One study conducted an EFA, leading to a 4-factor solution, including an affective factor, which was confirmed by subsequent CFA in a sample of patients with lower back pain.30


The content validity was rated inadequate as no clear description of the target population was provided. Twenty patients were included in the intensity rating of the adjectives; however, no report was given as to whether they were asked if the adjectives were relevant, understandable, or comprehensively covered their experiences of pain. Furthermore, no cognitive interviews of the final set of items were conducted. Although several studies examined the factor structure, only a few of them have adequately confirmed the unidimensionality of an affective component of pain factor with different results.

Multiperspective Multidimensional Pain Assessment Protocol (MMPAP)

PROM Development and Content Validity

The MMPAP was developed in an effort to standardize the assessment of pain in patients with chronic pain. It aimed to provide a comprehensive protocol for physical examination, physician evaluation, and patient-reported outcome assessment.

The items were generated by literature and expert panel review. The final set of items was pilot tested on a sample consisting of 67 patients reporting pain for at least 6 months. No further details on item development were reported, nor was there any mention of the number of items.

Psychometric Properties

A principal-factor analysis with varimax rotation was conducted on the entire sample plus analyses of Cronbach’s alpha with a value of 0.85 on the subscale “effect on emotional status”.31


The patient-reported outcome part of the MMPAP is based on an inadequate development process, as no report of patient involvement in item development was mentioned. Even though the MMPAP was subjected to pilot testing, no mention was made of patient input or revisions as a consequence of the pilot test.

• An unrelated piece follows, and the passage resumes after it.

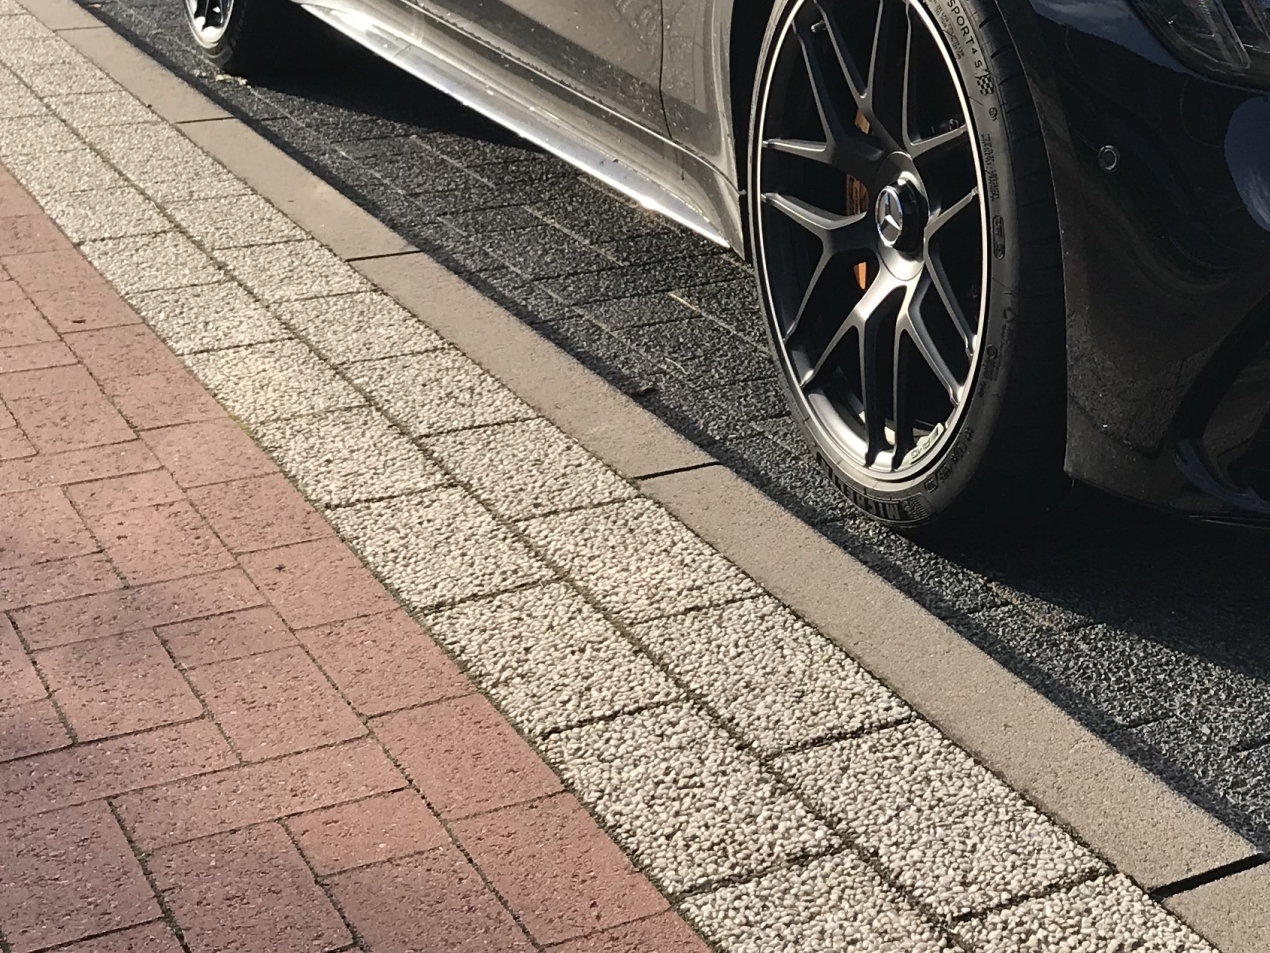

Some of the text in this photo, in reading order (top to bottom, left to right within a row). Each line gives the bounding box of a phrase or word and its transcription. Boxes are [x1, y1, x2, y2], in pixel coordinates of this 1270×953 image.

The factor structure was created by expert panel recommendations and modified following an EFA. However, the factor loadings were not reported. As the number of items was not mentioned, the test of unidimensionality is rated doubtful due to uncertainty about the sufficiency of the sample size.

Multidimensional Pain Inventory (MPI)

PROM Development and Content Validity

The MPI was based on a cognitive-behavioral approach to chronic pain and was developed as an assessment tool for the evaluation of treatment approaches. The scale has three parts, which were developed a priori, where the first part measures 6 general concepts: pain severity and suffering, pain-related life interference, dissatisfaction with present level of functioning, appraisal of support from significant others, perceived life control, and affective distress. The second part regards patients’ perceptions of the responses of their significant others, and the third part measures activities.

No patient input was reported in the development of the individual items or scales and no pilot test of the final set of items was recorded.32

Psychometric Properties

The a priori defined factors were confirmed with CFA in a sample of 120, mainly male, veterans of the United States Armed Services.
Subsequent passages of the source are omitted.